Porque cuando las protestas cesaron, cuando
todos los medios de comunicación sin
excepción alguna, recogieron las movilizaciones, el muerto se fue al hoyo.
Sólo. Abandonado. Olvidado.
Aquel hombre que había puesto fin a su vida sin que nadie
conozca sus razones permaneció en la morgue sin que nadie reclamara su cuerpo.
Ni familiares, ni amigos, ni compañeros. Ni quienes se solidarizaron
vociferantes en la calle o en las puertas de la sede del ejecutivo. Tuvo que
ser el Gobierno vilipendiado quien atendiera las exequias fúnebres. Así se
acabó la historia. Sin una línea de referencia en los tabloides. Ni un segundo
en los informativos. Tristes protagonistas de usar y tirar.
No es este el único caso
sin aclarar en el que un drama humano acosado por múltiples factores se presenta públicamente como consecuencia directa e indubitada de un
desahucio. Aún a sabiendas de lo
contrario.
Esta misma semana aparecía nuevamente una noticia
premonitoria de conflicto en los diarios digitales. Una mujer debería abandonar
en breve su domicilio en el municipio de Getxo. La chispa estaba ya encendida.

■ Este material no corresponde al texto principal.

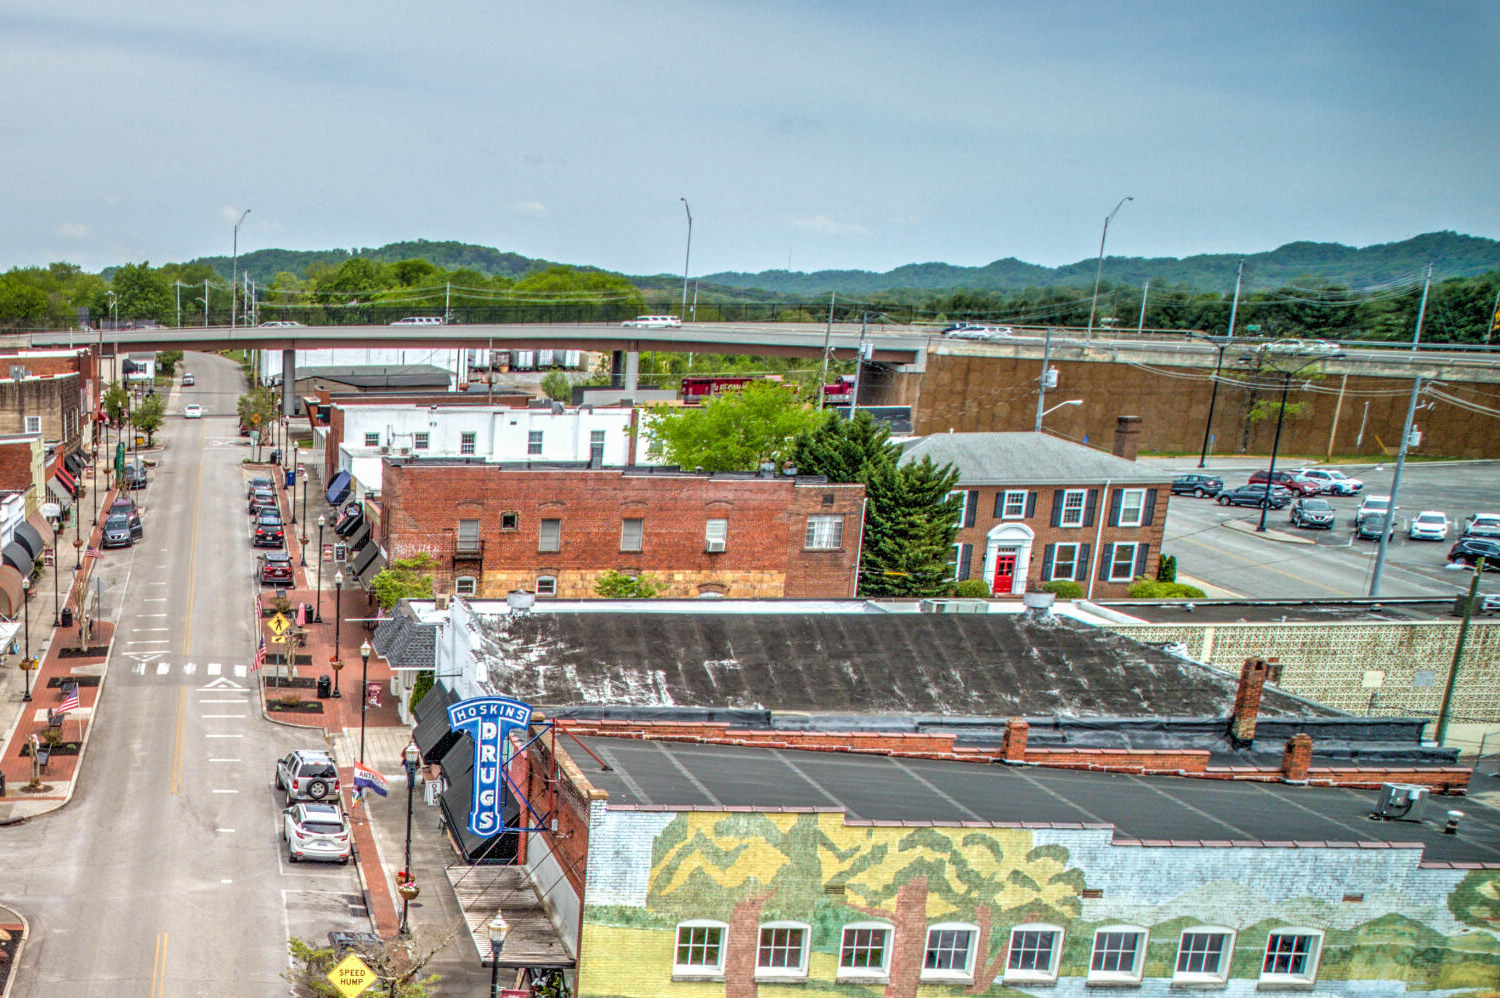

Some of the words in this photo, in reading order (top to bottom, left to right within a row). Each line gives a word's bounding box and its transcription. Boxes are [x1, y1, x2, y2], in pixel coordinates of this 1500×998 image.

[456, 704, 525, 721] HOSKINS
[479, 722, 497, 829] DRUGS
[339, 969, 366, 977] SPEED
[340, 978, 364, 986] HUMP

Tuvo que ser el ayuntamiento de la localidad quien contextualizara la
situación. No se trataba de un caso de
desahucio sino la posible consecuencia de una separación-divorcio conyugal. La manipulación había encontrado un
cortafuego.
Hay mucha gente que está viviendo situaciones difíciles. La
crisis, el paro, les ha golpeado y se enfrentan a situaciones de exclusión
social que deben ser atendidas de manera prioritaria por las instituciones
públicas para garantizar la dignidad de las personas. Y en esa prioridad se ha
avanzado mucho. Pero, cuando casos como el expuesto se recrean como un reality
televisivo, se daña considerablemente una acción prodigiosa que hay que seguir
alimentando y defendiendo. Todos, y
especialmente los medios de comunicación, necesitamos hacer una profunda
reflexión sobre el rigor de nuestras apreciaciones y opiniones. La
búsqueda de la verdad , el contraste, tiene que estar por encima de la
indignación o del espectáculo. Nos jugamos mucho en ello. Nos jugamos, entre
otras cosas, no confundir a la sociedad vasca, conmocionada como está por la
dureza de una situación que se merece
ser atendida con la mayor claridad
y realismo. Lo contrario sería abonar la desestabilización.